___ Data for review
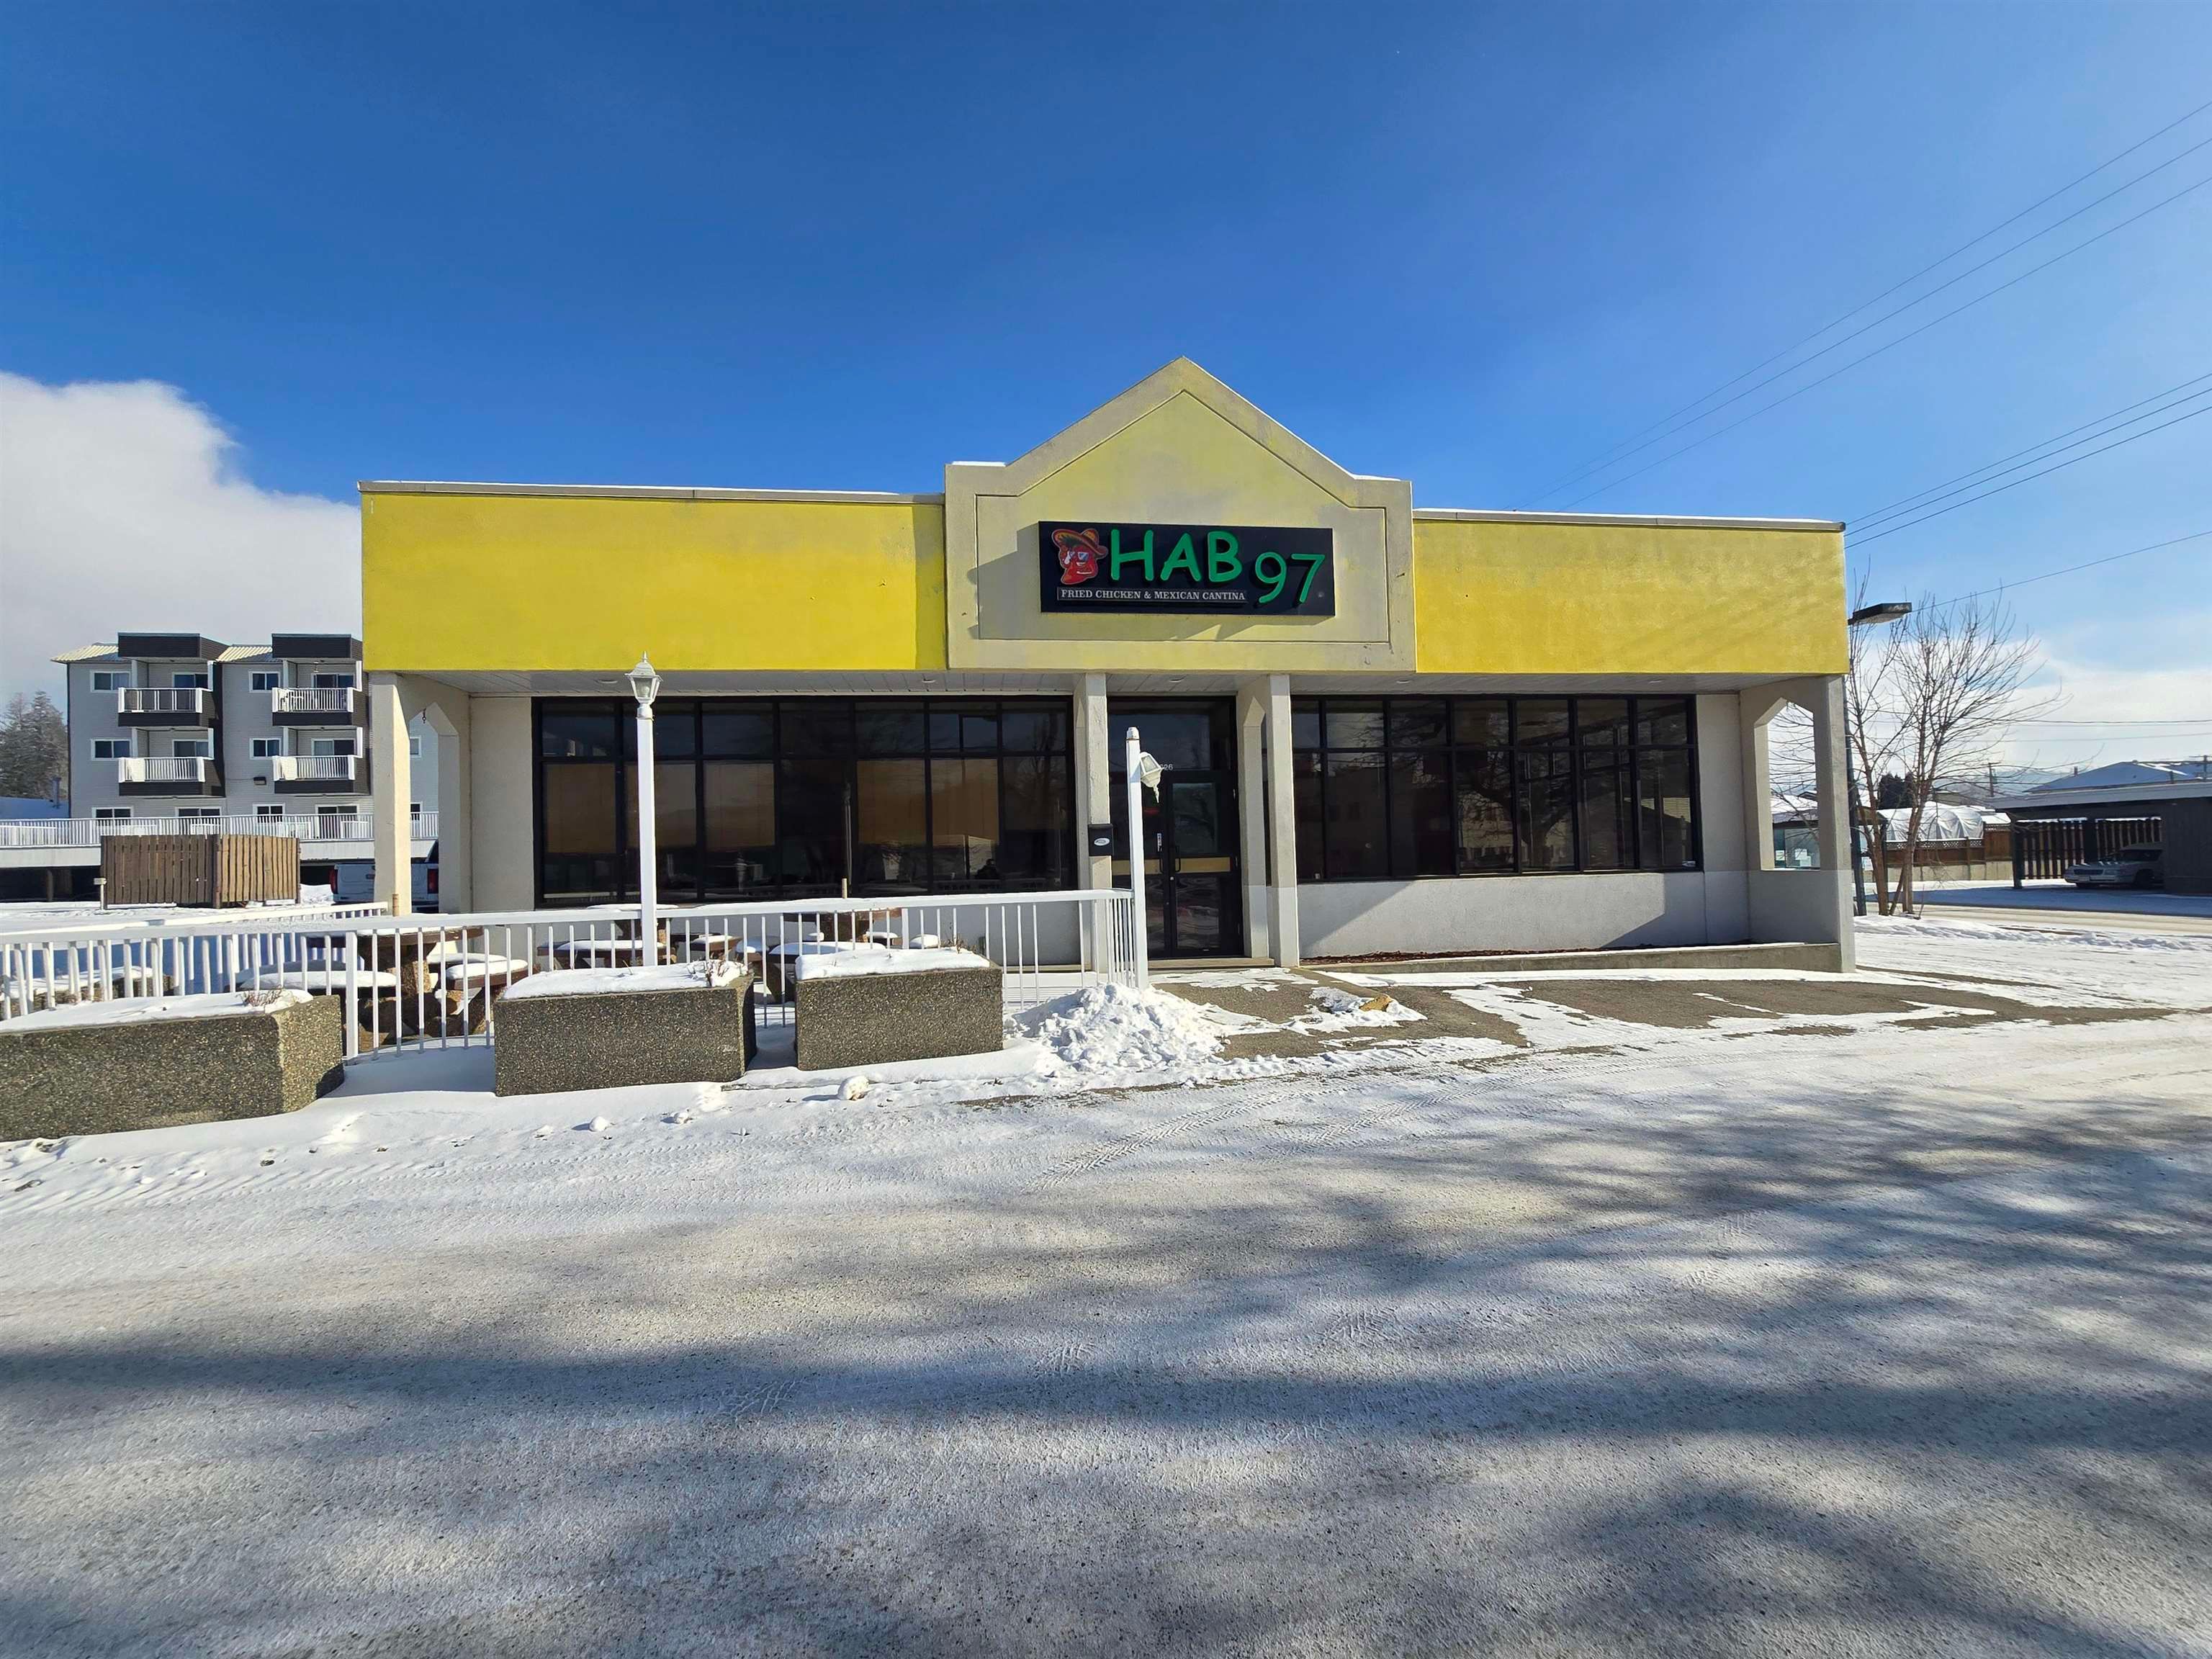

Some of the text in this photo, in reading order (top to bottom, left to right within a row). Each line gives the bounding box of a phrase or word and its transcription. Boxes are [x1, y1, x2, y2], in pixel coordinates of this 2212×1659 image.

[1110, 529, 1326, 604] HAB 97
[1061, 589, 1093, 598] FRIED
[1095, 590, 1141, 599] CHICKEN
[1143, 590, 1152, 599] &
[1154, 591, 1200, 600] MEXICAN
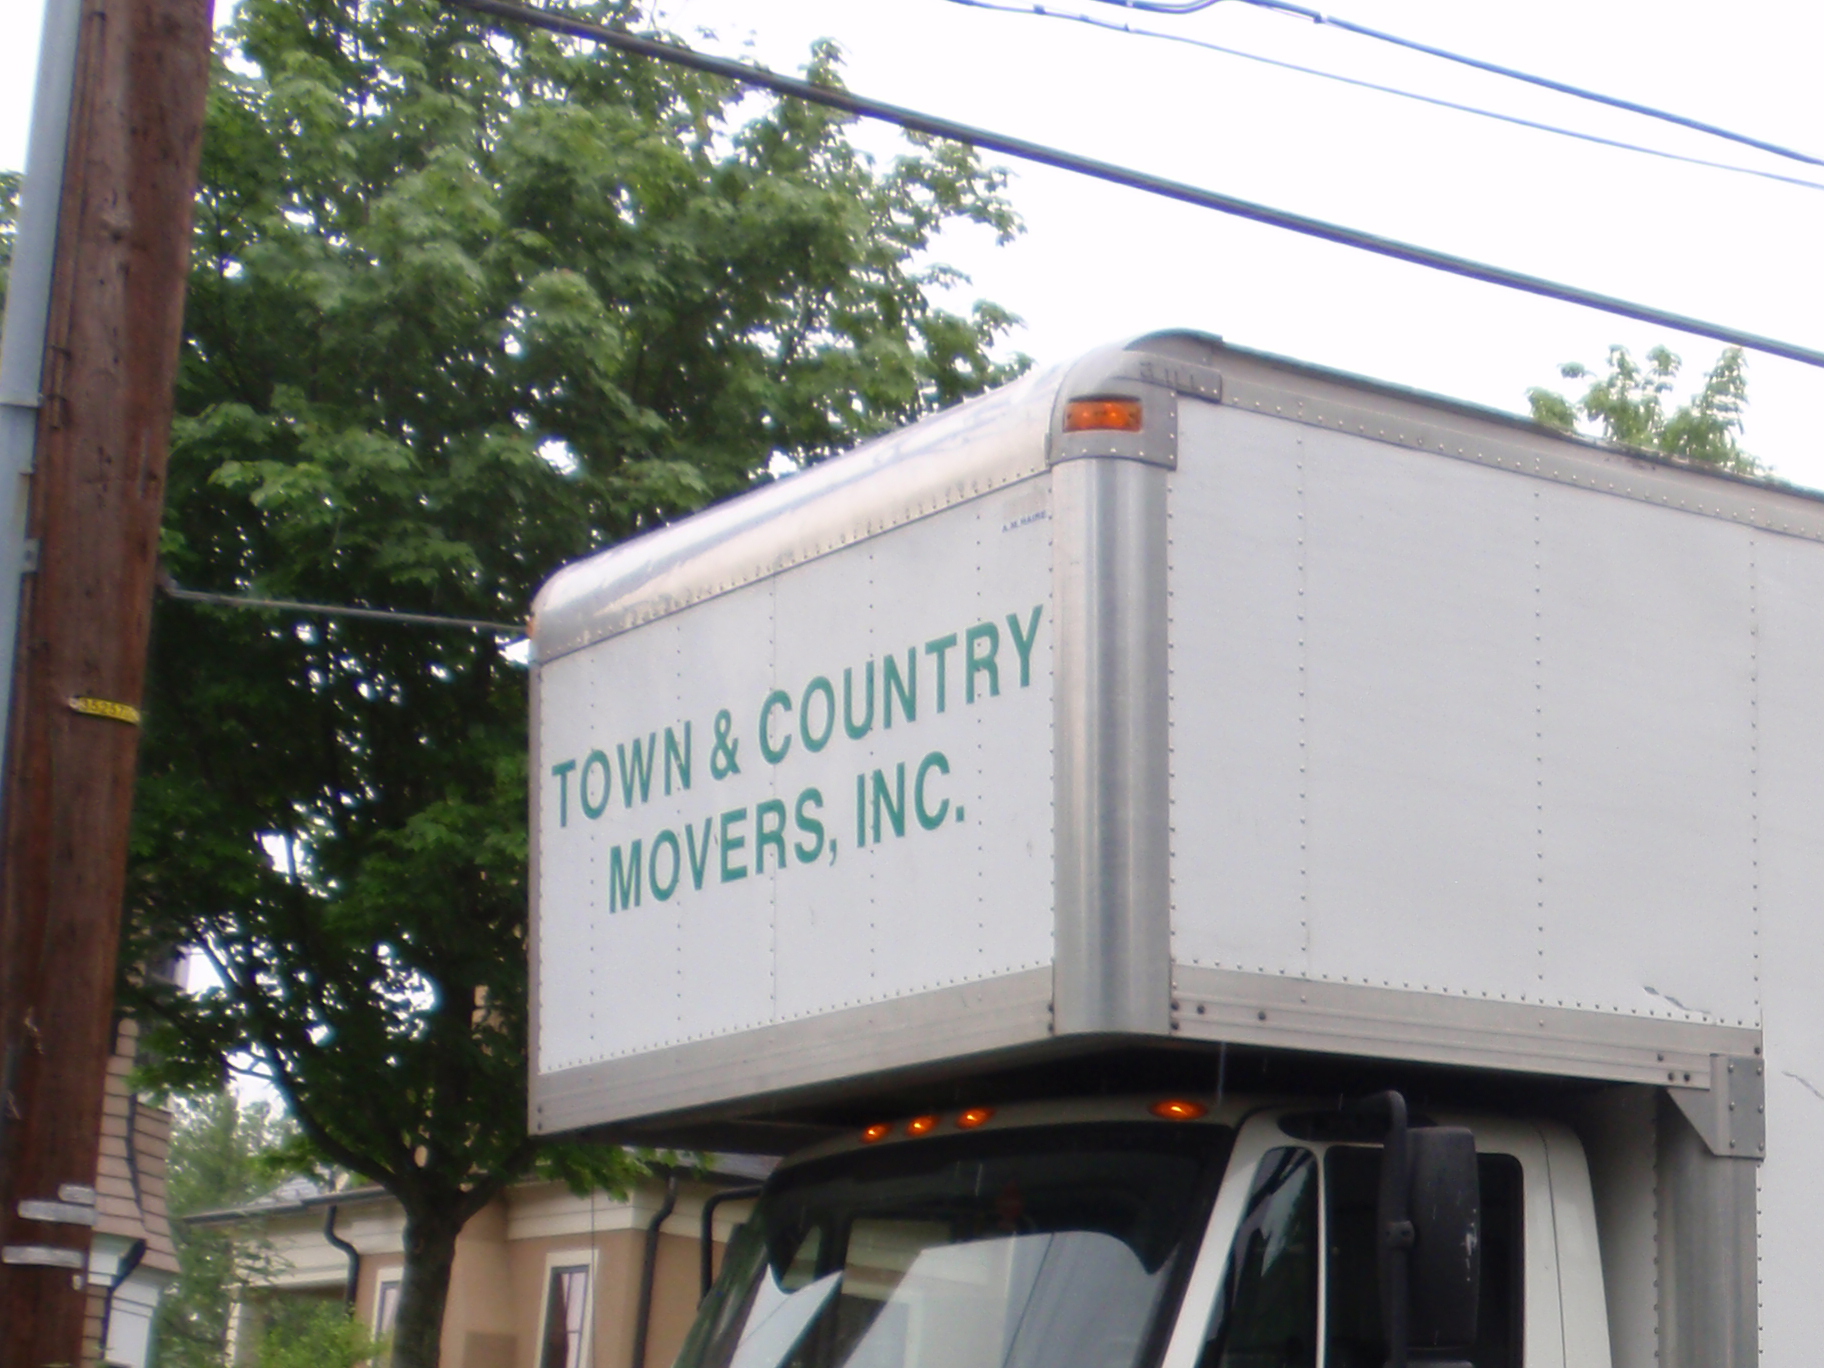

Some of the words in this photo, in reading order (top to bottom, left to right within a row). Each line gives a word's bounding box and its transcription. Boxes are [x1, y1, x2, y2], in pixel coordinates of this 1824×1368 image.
______
**Prompt**
Reproduce the data above word for word and omit the images.

**Written response**
Some of the text in this photo, in reading order (top to bottom, left to right within a row). Each line gives the bounding box of a phrase or word and its transcription. Boxes are [x1, y1, x2, y2], in pixel coordinates of this 2212×1659 image.

[1110, 529, 1326, 604] HAB 97
[1061, 589, 1093, 598] FRIED
[1095, 590, 1141, 599] CHICKEN
[1143, 590, 1152, 599] &
[1154, 591, 1200, 600] MEXICAN

Some of the words in this photo, in reading order (top to bottom, left to right within a row). Each line gives a word's bounding box and its transcription. Boxes are [x1, y1, x2, y2], in pixel coordinates of this 1824×1368 image.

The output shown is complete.